■ **Exercise description**: Please repeat every record exactly, leaving out any pictures.

■ **Information shown**:

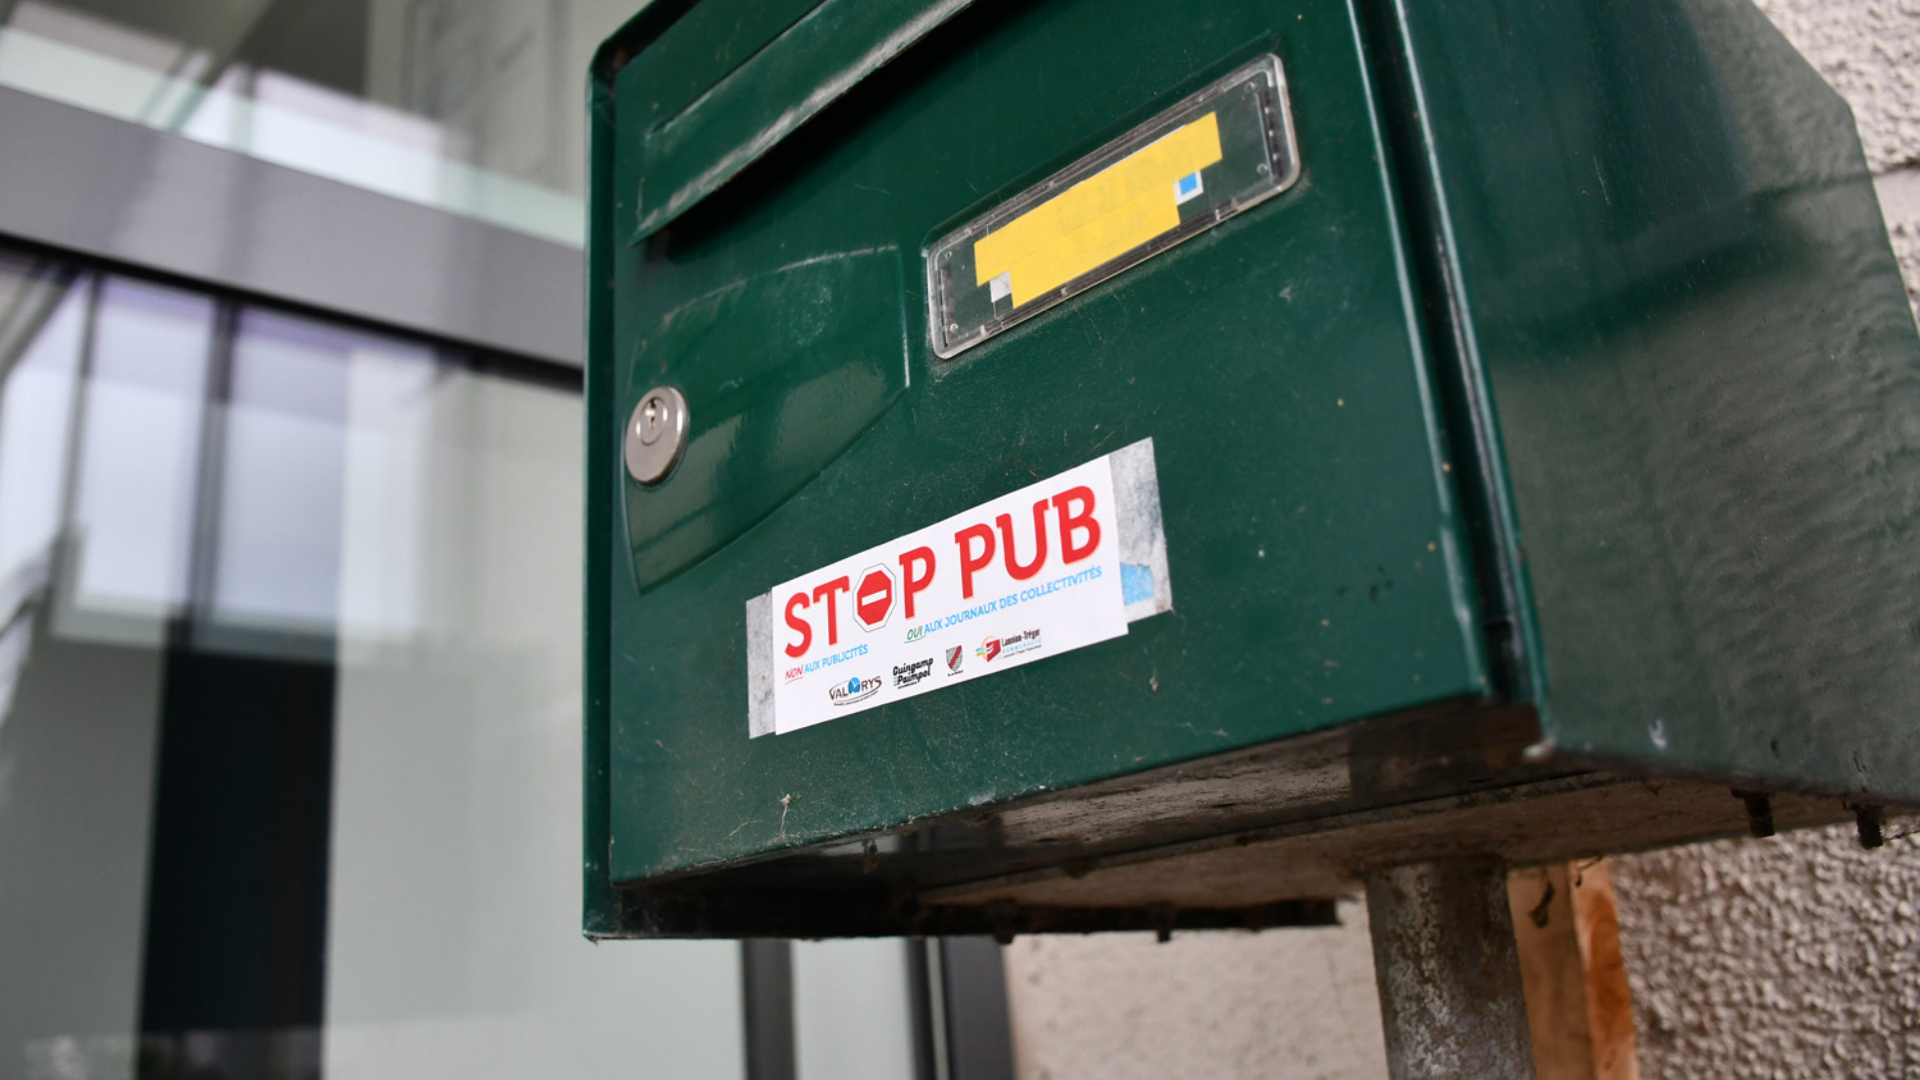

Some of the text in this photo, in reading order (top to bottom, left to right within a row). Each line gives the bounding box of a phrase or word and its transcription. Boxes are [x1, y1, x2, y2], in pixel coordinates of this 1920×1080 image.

[784, 485, 1102, 659] STOP PUB
[906, 565, 1103, 641] OUI AUX JOURNAUX DES COLLECTIVITÉS
[785, 643, 869, 680] NON AUX PUBLICITÉS
[892, 657, 934, 676] Guingamp
[896, 665, 931, 685] Paimpol

■ **Solved exercise**:
Some of the text in this photo, in reading order (top to bottom, left to right within a row). Each line gives the bounding box of a phrase or word and its transcription. Boxes are [x1, y1, x2, y2], in pixel coordinates of this 1920×1080 image.

[784, 485, 1102, 659] STOP PUB
[906, 565, 1103, 641] OUI AUX JOURNAUX DES COLLECTIVITÉS
[785, 643, 869, 680] NON AUX PUBLICITÉS
[892, 657, 934, 676] Guingamp
[896, 665, 931, 685] Paimpol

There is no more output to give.